In writing that speech Stephen had striven to bear in mind a piece of advice which Mr. Lincoln had given him. “Speak so that the lowest may understand, and the rest will have no trouble.” And it had worked. At the halting lameness of the beginning an egg was thrown,—fortunately wide of the mark. After this incident Stephen fairly astonished his audience,—especially an elderly gentleman who sat on a cracker-box in the rear, out of sight of the stand. This may have been Judge Whipple, although we have no proof of the fact.

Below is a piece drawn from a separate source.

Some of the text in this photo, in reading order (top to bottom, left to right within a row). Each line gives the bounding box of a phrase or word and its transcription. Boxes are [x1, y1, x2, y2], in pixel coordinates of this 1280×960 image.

Stephen himself would not have claimed originality for that speech. He laughs now when it is spoken of, and calls it a boyish effort, which it was. I have no doubt that many of the master's phrases slipped in, as young Mr. Brice could repeat most of the Debates, and the Cooper Union speech by heart. He had caught more than the phrasing, however. So imbued was he with the spirit of Abraham Lincoln that his hearers caught it; and that was the end of the rotten eggs and the cabbages. The event is to be especially noted because they crowded around him afterward to ask questions. For one thing, he had not mentioned abolition. Wasn't it true, then, that this Lincoln wished to tear the negro from his master, give him a vote and a subsidy, and set him up as the equal of the man that owned him? “Slavery may stay where it is,” cried the young orator. “If it is content there, so are we content. What we say is that it shall not go one step farther. No, not one inch into a northern territory.”

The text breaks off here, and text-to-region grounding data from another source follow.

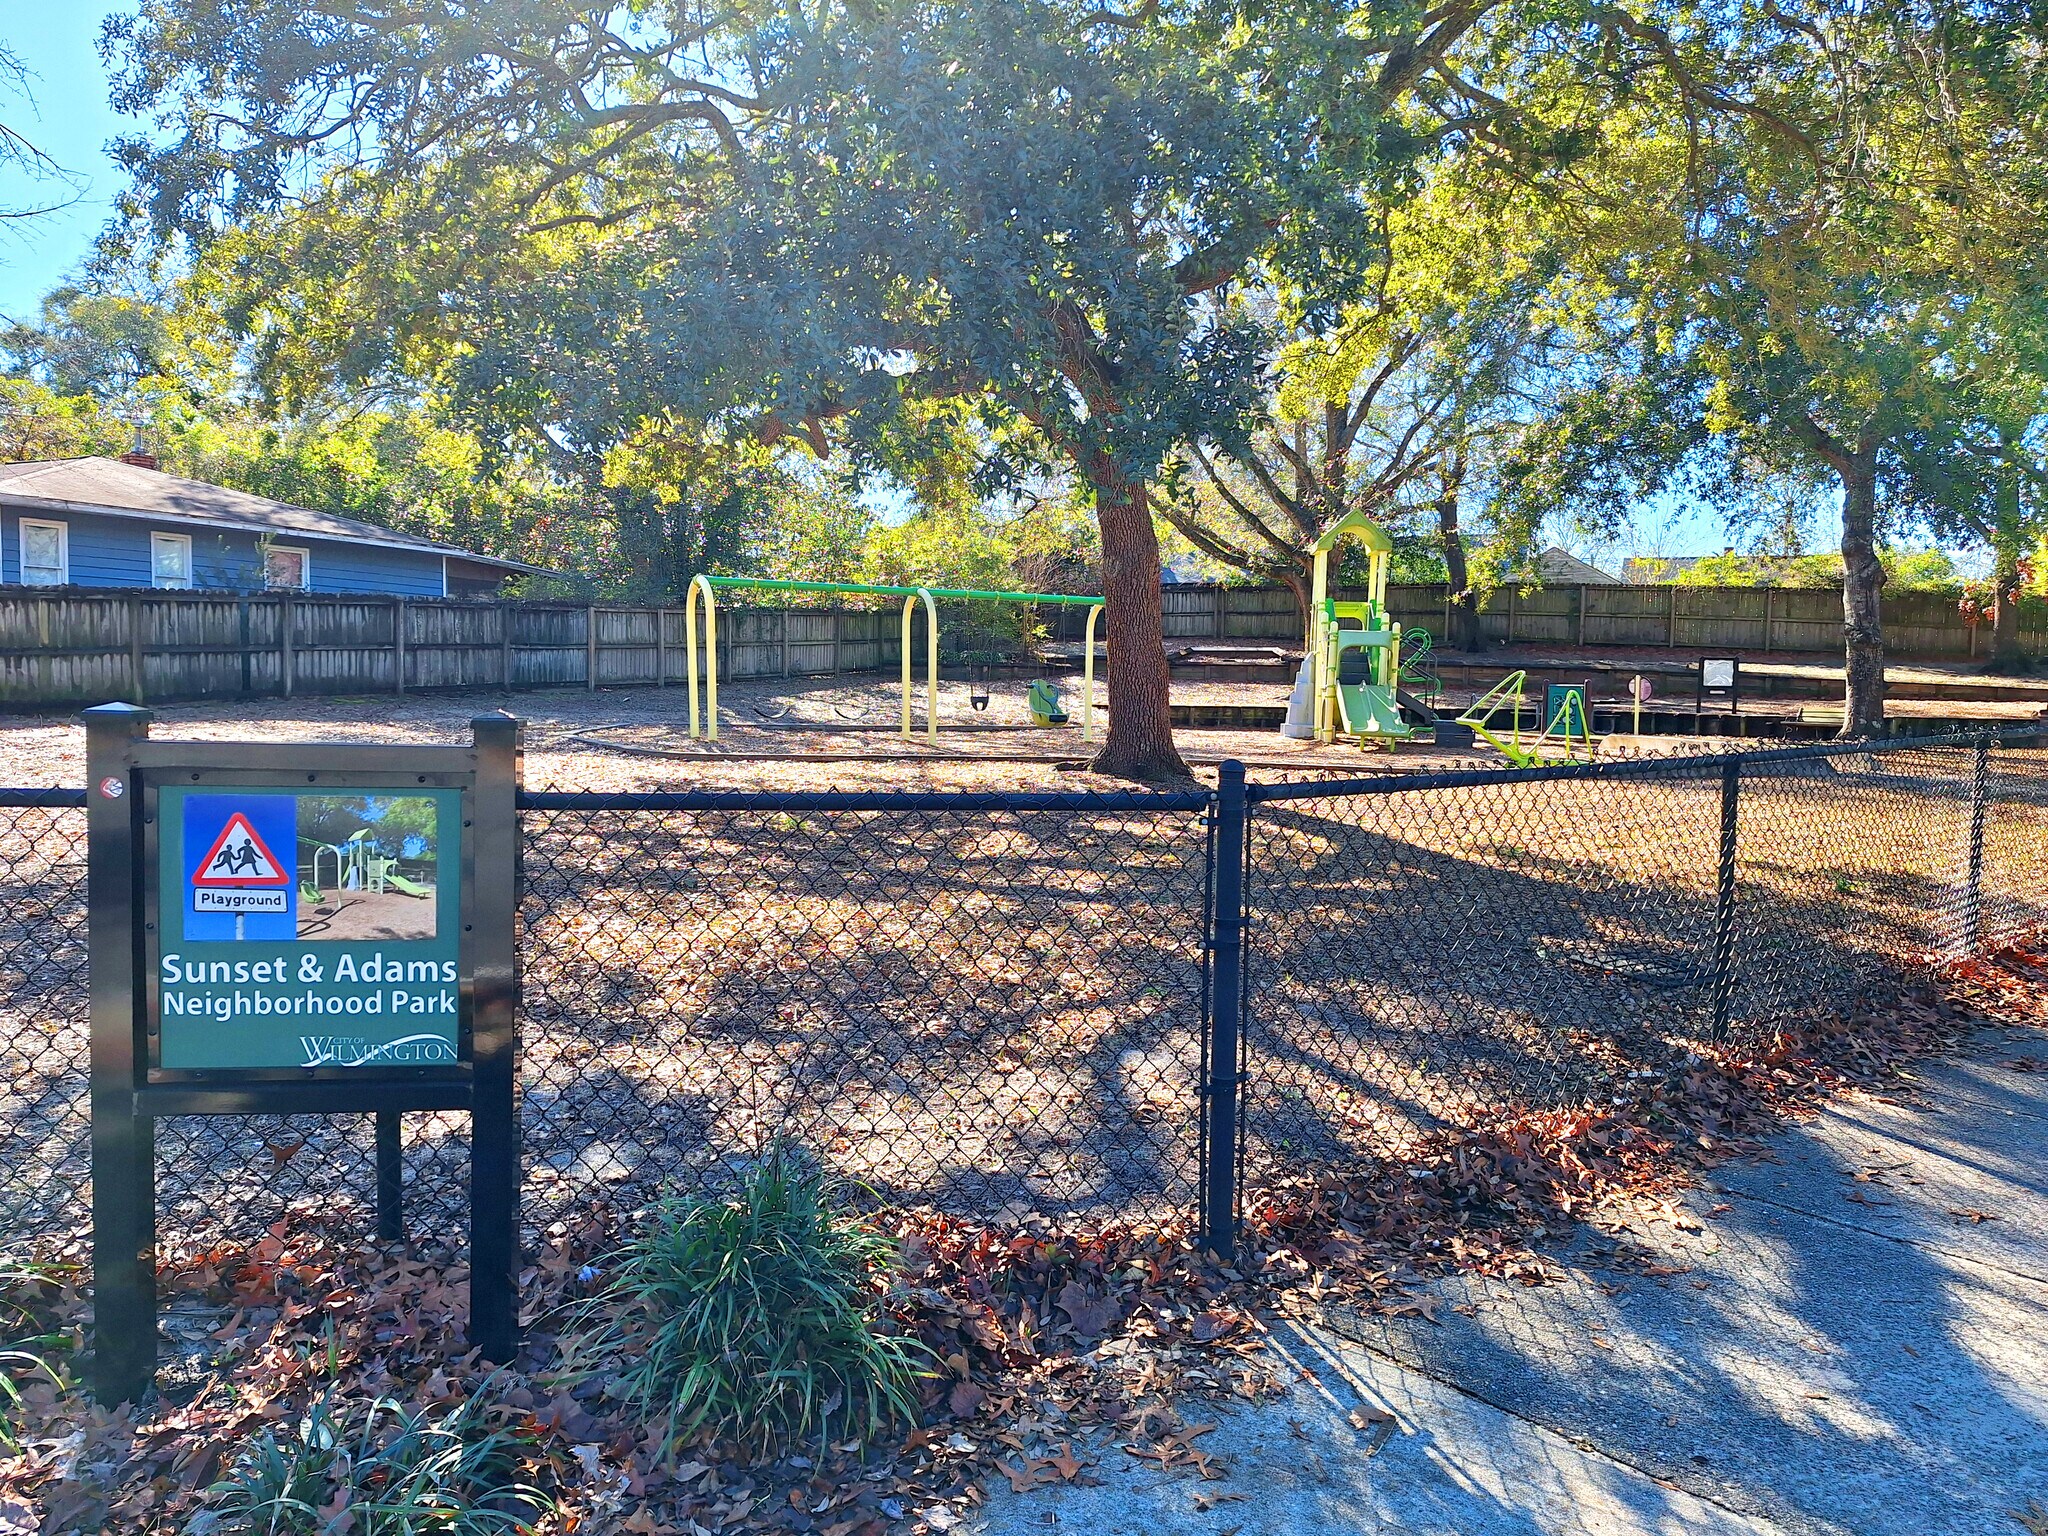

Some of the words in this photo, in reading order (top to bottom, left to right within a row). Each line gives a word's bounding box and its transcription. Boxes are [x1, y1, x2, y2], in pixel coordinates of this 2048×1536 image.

[201, 893, 282, 907] Playground
[162, 953, 288, 984] Sunset
[297, 953, 325, 983] &
[333, 952, 457, 982] Adams
[163, 989, 382, 1022] Neighborhood
[391, 989, 456, 1014] Park
[299, 1036, 459, 1062] WILMINGTON

On the next occasion Mr. Brice was one of the orators at a much larger meeting in a garden in South St. Louis. The audience was mostly German. And this was even a happier event, inasmuch as Mr. Brice was able to trace with some skill the history of the Fatherland from the Napoleonic wars to its Revolution. Incidentally he told them why they had emigrated to this great and free country. And when in an inspired moment he coupled the names of Abraham Lincoln and Father Jahn, the very leaves of the trees above them trembled at their cheers.

And afterwards there was a long-remembered supper in the moonlit grove with Richter and a party of his college friends from Jena. There was Herr Tiefel with the little Dresden-blue eyes, red and round and jolly; and Hauptmann, long and thin and sallow; and Korner, redbearded and ponderous; and Konig, a little clean-cut man with a blond mustache that pointed upward. They clattered their steins on the table and sang wonderful Jena songs, while Stephen was lifted up and his soul carried off to far-away Saxony,—to the clean little University town with its towers and crooked streets. And when they sang the Trolksmelodie, “Bemooster Bursche zieh' ich aus,—Ade!” a big tear rolled down the scar on Richter's cheek.

“Fahrt wohl, ihr Strassen grad and krumm
Ich zieh' nicht mehr in euch herum,
Durchton euch nicht mehr mit Gesang,
Mit Larm nicht mehr and Sporenklang.”

As the deep tones died away, the soft night was steeped in the sadness of that farewell song. It was Richter who brought the full force of it home to Stephen.

“Do you recall the day you left your Harvard, and your Boston, my friend?” he asked.